> [Problem description]
Each record below should be output verbatim, without pictures.

--

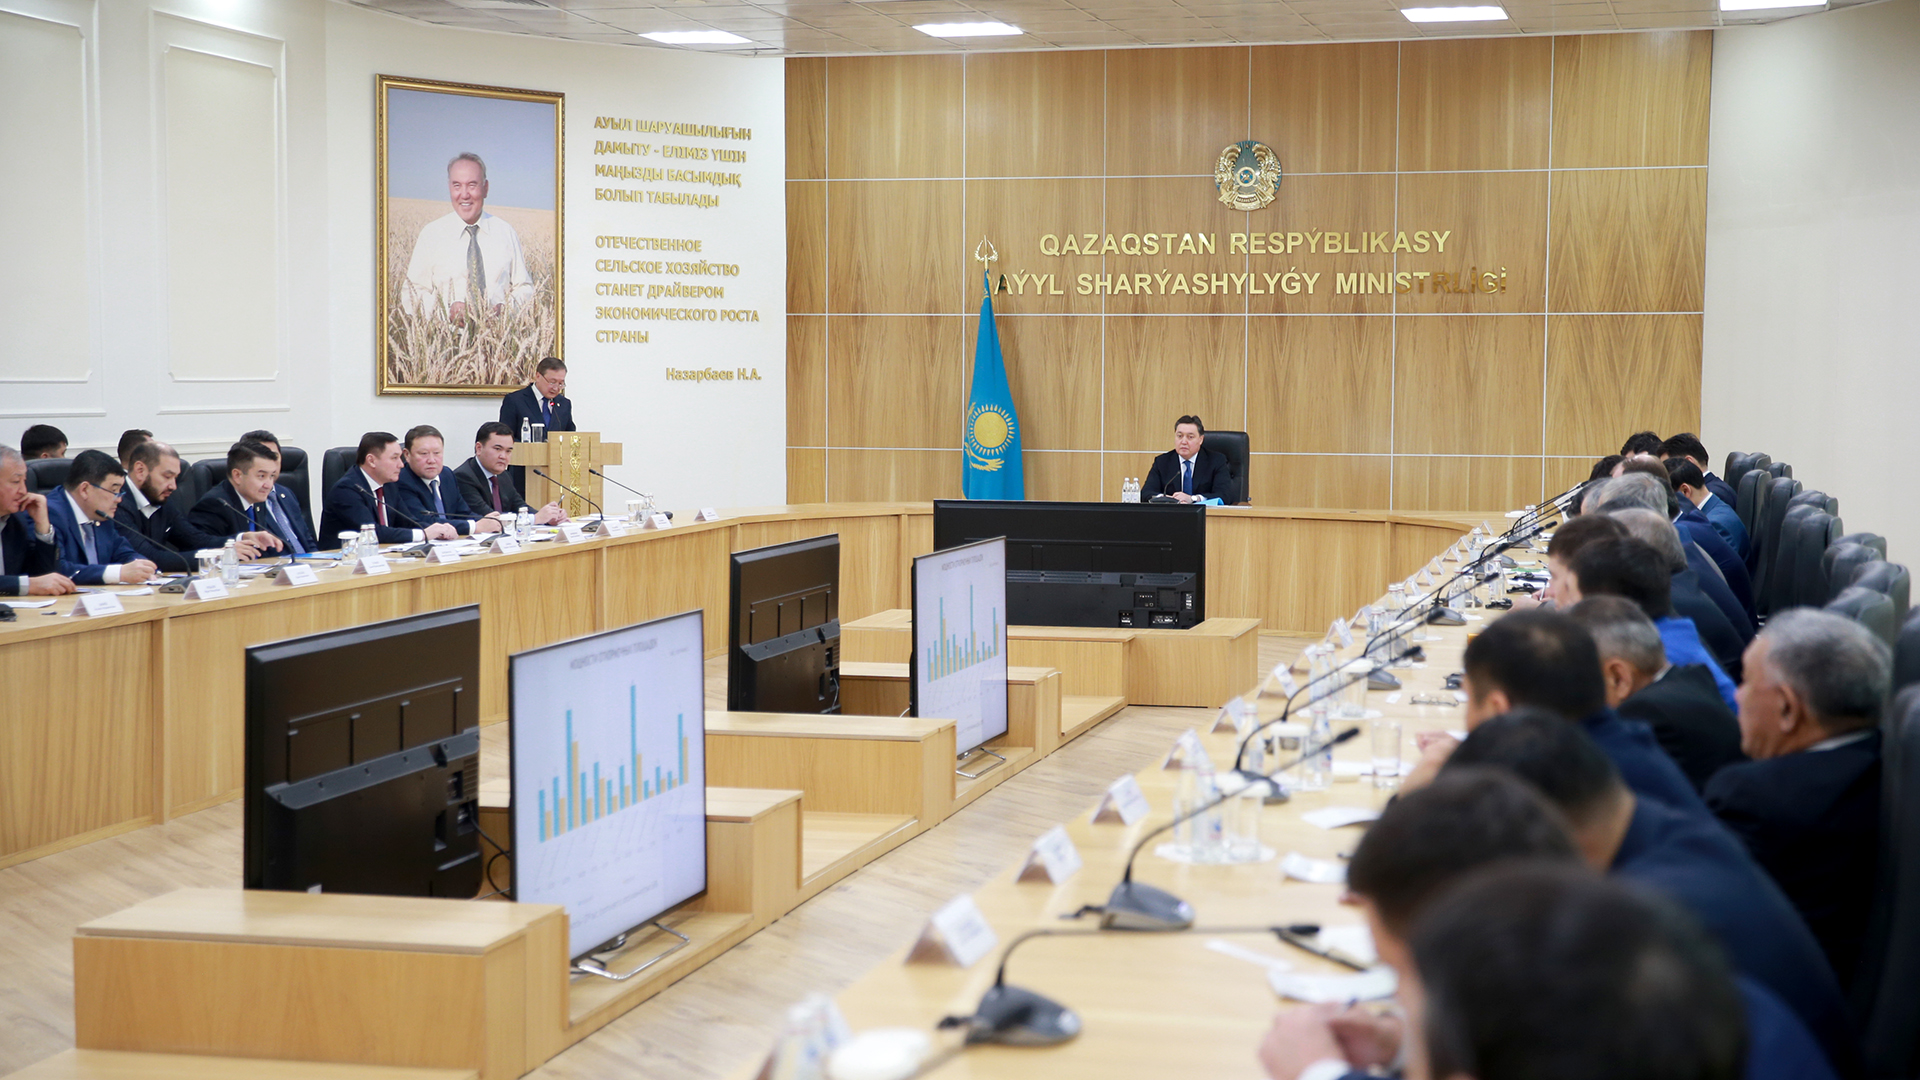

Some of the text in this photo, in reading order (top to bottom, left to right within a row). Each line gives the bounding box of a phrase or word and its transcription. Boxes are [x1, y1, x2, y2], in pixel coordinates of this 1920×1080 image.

[594, 116, 752, 140] АУЫЛ ШАРУАШЫЛЫҒЫН
[594, 140, 652, 156] ДАМЫТУ
[663, 145, 709, 160] ЕЛІМІЗ
[712, 149, 747, 163] ҮШІН
[595, 164, 742, 188] МАҢЫЗДЫ БАСЫМДЫҚ
[595, 187, 720, 209] БОЛЫП ТАБЫЛАДЫ
[596, 235, 702, 252] ОТЕЧЕСТВЕННОЕ
[1039, 227, 1451, 257] QAZAQSTAN RESPÝBLIKASY
[596, 258, 740, 277] СЕЛЬСКОЕ ХОЗЯЙСТВО
[596, 281, 725, 299] СТАНЕТ ДРАЙВЕРОМ
[994, 269, 1064, 295] AÝYL
[1076, 266, 1320, 295] SHARÝASHYLYǴY
[596, 306, 760, 322] ЭКОНОМИЧЕСКОГО РОСТА
[596, 329, 649, 343] СТРАНЫ
[666, 367, 762, 383] Назарбаев Н.А.
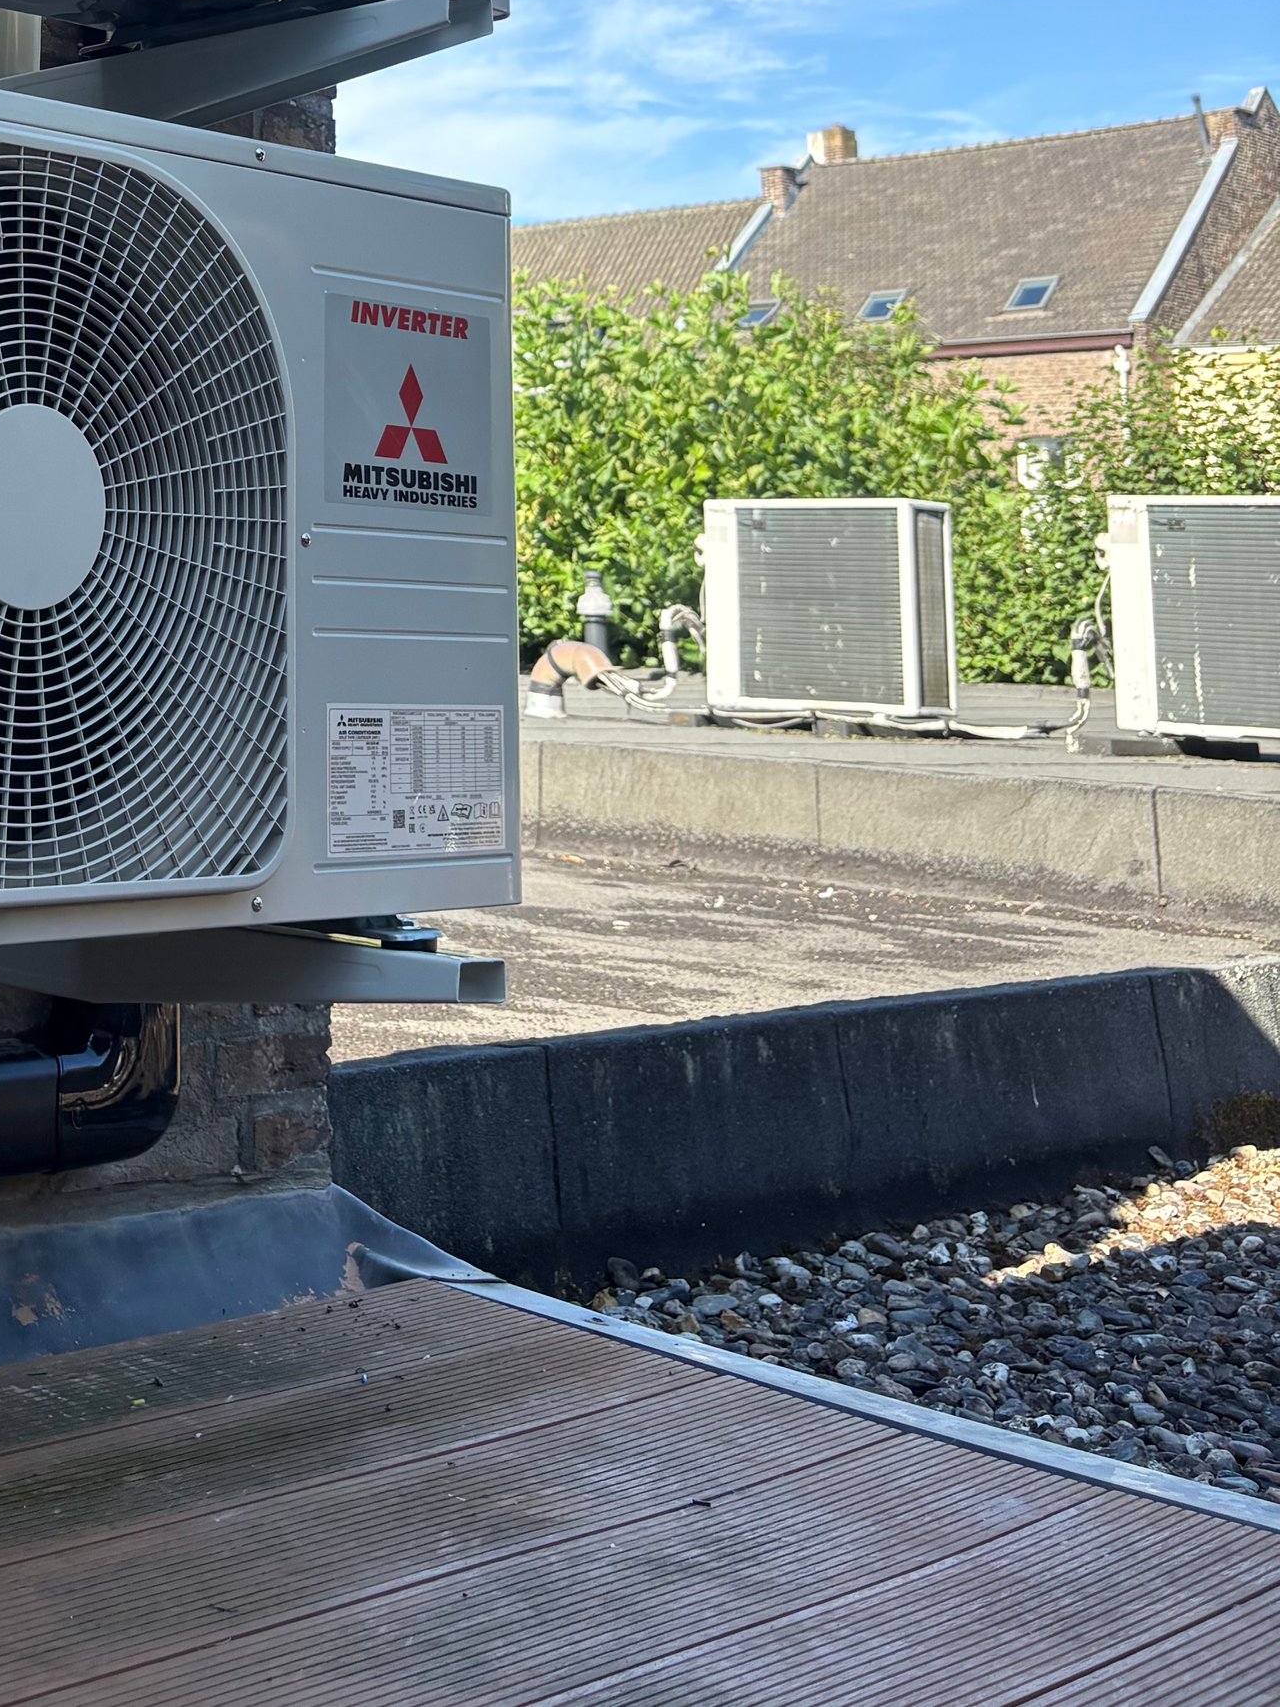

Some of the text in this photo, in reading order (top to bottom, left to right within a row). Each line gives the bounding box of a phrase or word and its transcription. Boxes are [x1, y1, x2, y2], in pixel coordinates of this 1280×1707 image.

[351, 301, 468, 339] INVERTER
[343, 463, 477, 494] MITSUBISHI
[343, 485, 477, 509] HEAVY INDUSTRIES
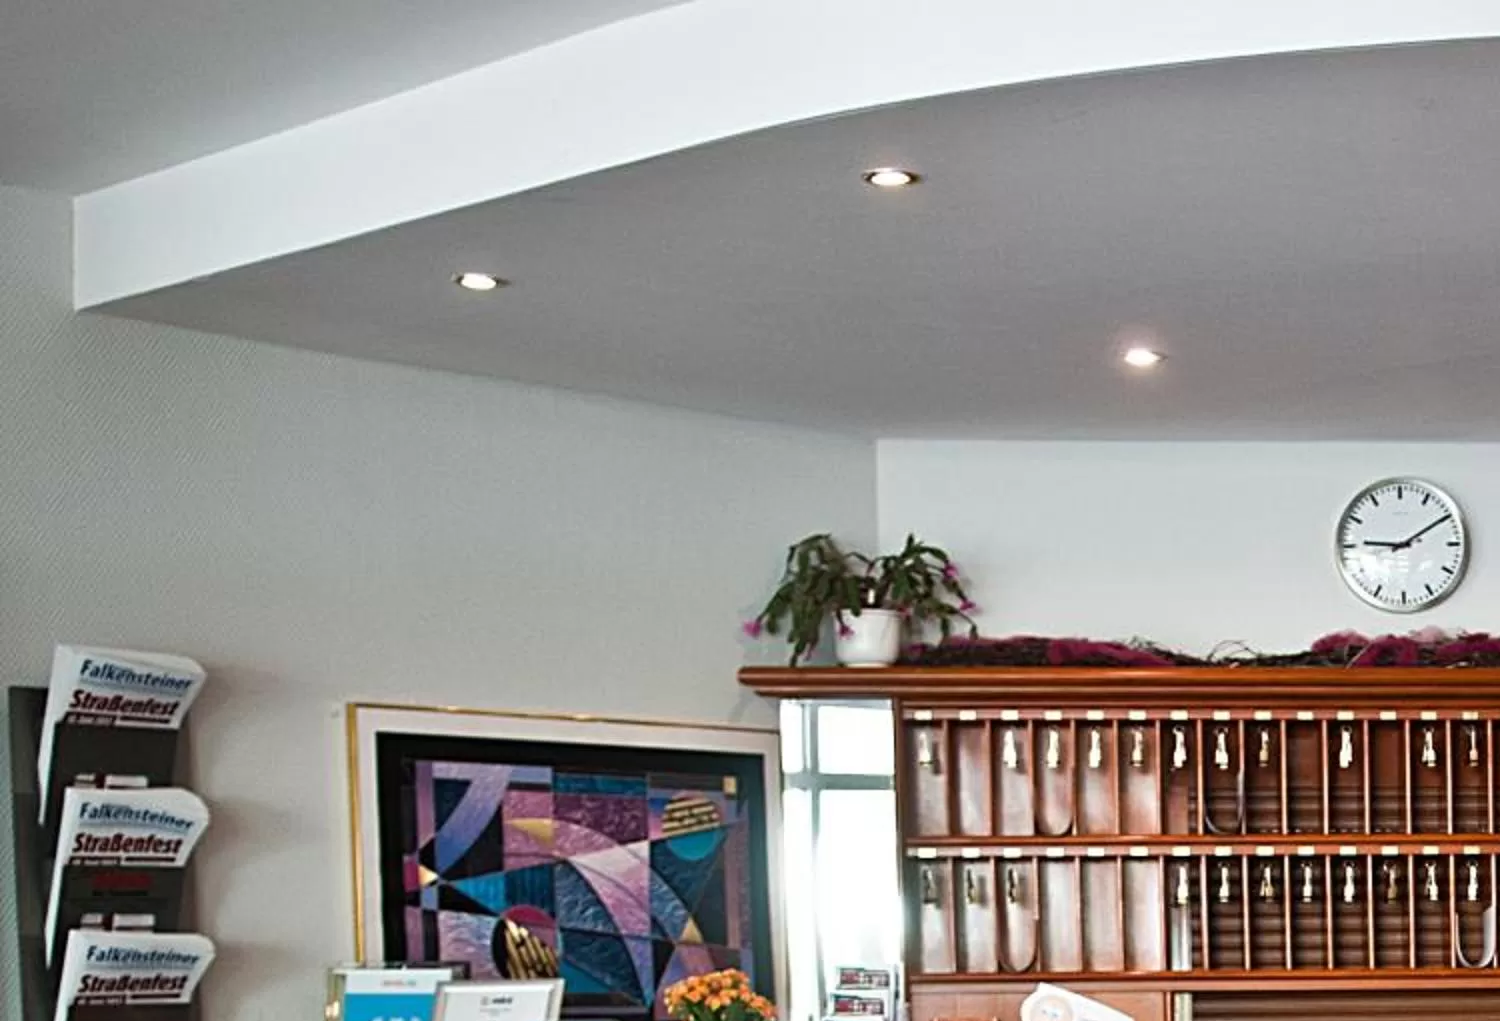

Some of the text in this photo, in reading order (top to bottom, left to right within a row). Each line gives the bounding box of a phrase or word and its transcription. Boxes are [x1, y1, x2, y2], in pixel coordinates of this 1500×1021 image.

--

> [Result below]
Some of the text in this photo, in reading order (top to bottom, left to right within a row). Each line gives the bounding box of a phrase or word and its transcription. Boxes are [x1, y1, x2, y2], in pixel coordinates of this 1920×1080 image.

[594, 116, 752, 140] АУЫЛ ШАРУАШЫЛЫҒЫН
[594, 140, 652, 156] ДАМЫТУ
[663, 145, 709, 160] ЕЛІМІЗ
[712, 149, 747, 163] ҮШІН
[595, 164, 742, 188] МАҢЫЗДЫ БАСЫМДЫҚ
[595, 187, 720, 209] БОЛЫП ТАБЫЛАДЫ
[596, 235, 702, 252] ОТЕЧЕСТВЕННОЕ
[1039, 227, 1451, 257] QAZAQSTAN RESPÝBLIKASY
[596, 258, 740, 277] СЕЛЬСКОЕ ХОЗЯЙСТВО
[596, 281, 725, 299] СТАНЕТ ДРАЙВЕРОМ
[994, 269, 1064, 295] AÝYL
[1076, 266, 1320, 295] SHARÝASHYLYǴY
[596, 306, 760, 322] ЭКОНОМИЧЕСКОГО РОСТА
[596, 329, 649, 343] СТРАНЫ
[666, 367, 762, 383] Назарбаев Н.А.

Some of the text in this photo, in reading order (top to bottom, left to right within a row). Each line gives the bounding box of a phrase or word and its transcription. Boxes are [x1, y1, x2, y2], in pixel coordinates of this 1280×1707 image.

[351, 301, 468, 339] INVERTER
[343, 463, 477, 494] MITSUBISHI
[343, 485, 477, 509] HEAVY INDUSTRIES

Some of the text in this photo, in reading order (top to bottom, left to right within a row). Each line gives the bounding box of a phrase or word and its transcription. Boxes are [x1, y1, x2, y2], in pixel coordinates of this 1500×1021 image.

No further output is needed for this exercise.